Ноам уставился в зеркало над умывальником, готовый и похвалить себя, и отругать. Ища объяснение ситуации, он нередко обращался к своему отражению. Может, он напрасно во все времена стремился скрыться от непостижимой чаровницы Нуры? Он улыбнулся: именно ее непостижимость его и чарует. Его привязанность объяснялась не только красотой избранницы, не только ее достоинствами и недостатками, но и неодолимой тягой к тайне. С их первой встречи он ищет, убегает и возвращается к этой живой загадке. Среди необъяснимых явлений мироздания есть и Нура; за все протекшие тысячелетия он приблизился к ее разгадке не больше, чем к разгадке тайн небесных светил и Сотворения мира.
Нура живет со Свеном, шведским экологическим активистом, красивым, самоуверенным, который всегда чувствует себя комфортно. Их пятнадцатилетняя дочь, Бритта Торенсен, сделалась мировой иконой борцов за экологию, символом этого движения для всех, особенно для молодежи. Но мало того что Ноаму непостижима привлекательность Свена в глазах Нуры – он еще и сомневается в Нурином материнстве, потому что до сих пор Нуре не удавалось родить ребенка. Встретившись теперь, Ноам и Нура намеренно обходят некоторые темы, считая, что примирение важнее исчерпывающего объяснения.
И все же Нура снова перешла границу. Между ними была договоренность, что она будет избегать Дерека – он всегда преследовал ее и мог руками посредников до нее добраться, – а она появляется на калифорнийском благотворительном банкете перед глазами многотысячных зрителей, торчащих в соцсетях.
Когда Ноам увидел ее на экране, его будто пнули, и он тотчас покинул арендованный им в Лос-Анджелесе лофт. Он мигом снялся с места, даже не пытаясь разузнать больше. Другой на его месте помчался бы на окраину огромного города, в жалкие дешевые пригороды с убогой инфраструктурой; в богатейшем государстве попадаются столь нищие кварталы, каких не встретишь и в бедных странах. Ноам поступил иначе. Во всяком случае, ни Нуре, ни Свену, ни Дереку не пришло бы в голову шнырять в таких местах.

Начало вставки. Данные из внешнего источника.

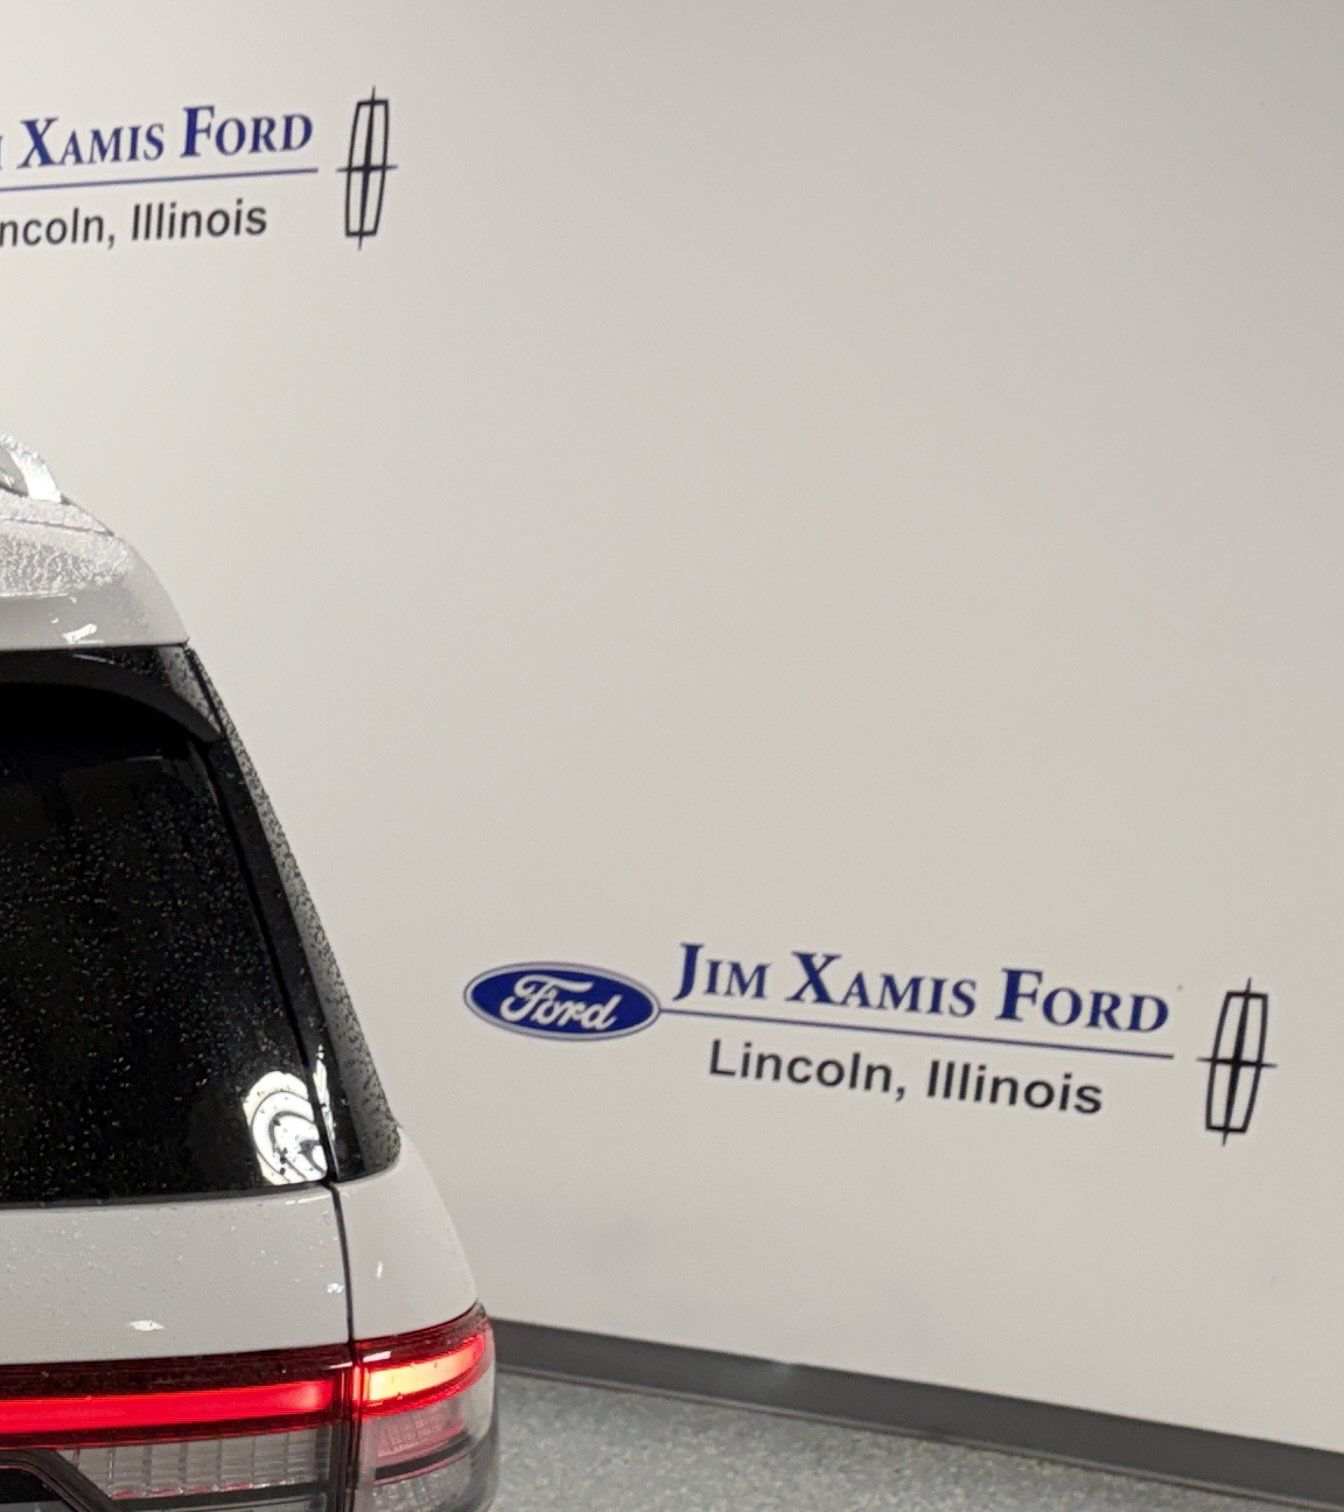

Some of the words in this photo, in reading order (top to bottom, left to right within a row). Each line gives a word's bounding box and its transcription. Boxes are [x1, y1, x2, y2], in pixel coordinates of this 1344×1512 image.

Его телефон зазвонил. Ноам и забыл о его существовании. Он еще не вполне свыкся с этим миром, нашпигованным техникой, он еще не сознавал, в отличие от большинства современников, постоянной связи со своим мобильником, и не всегда помнил, куда его сунул.
Он обернулся. Телефон заряжался на полке над умывальником, на нем высветился Нурин номер.
Значит, волнуется…
Ноам ощутил двойную радость: она беспокоится и он ей не ответит. Из-за Нуриной импульсивности возникает много проблем. Ей хочется действовать, она поступает стихийно и рискованно. Ноам чувствовал, что в этом бурном существе, дрожащем от гнева, рвущемся в бой, заключено слишком много энергии, требовательности и сил, которые конфликтуют с тем, чего хочется в этот момент ему.
Телефон затих, Ноам бросил последний взгляд в зеркало, из которого на него глянула тоскливая физиономия. Он отвернулся.
Если он и не принял первого звонка, перед вторым ему не устоять. И он знал, что его исчезновение ничего не решит. Бегство натягивает и напрягает связи, а не отменяет их.
Он отошел от зеркала, чтобы окунуться в другое свое отражение, прежнее, оживавшее на тетрадных листах.
Надо вернуться к записям. Продолжить историю.
2
Греция была лишь звуком. Всего лишь шепотом.
Приткнувшись на склоне Парнаса, я смутно улавливал ее далекую жизнь, слыша песнопения, доносившиеся от священного пути, которым следовали процессии, и видя по обочинам дорог воздвигнутые по обету памятники.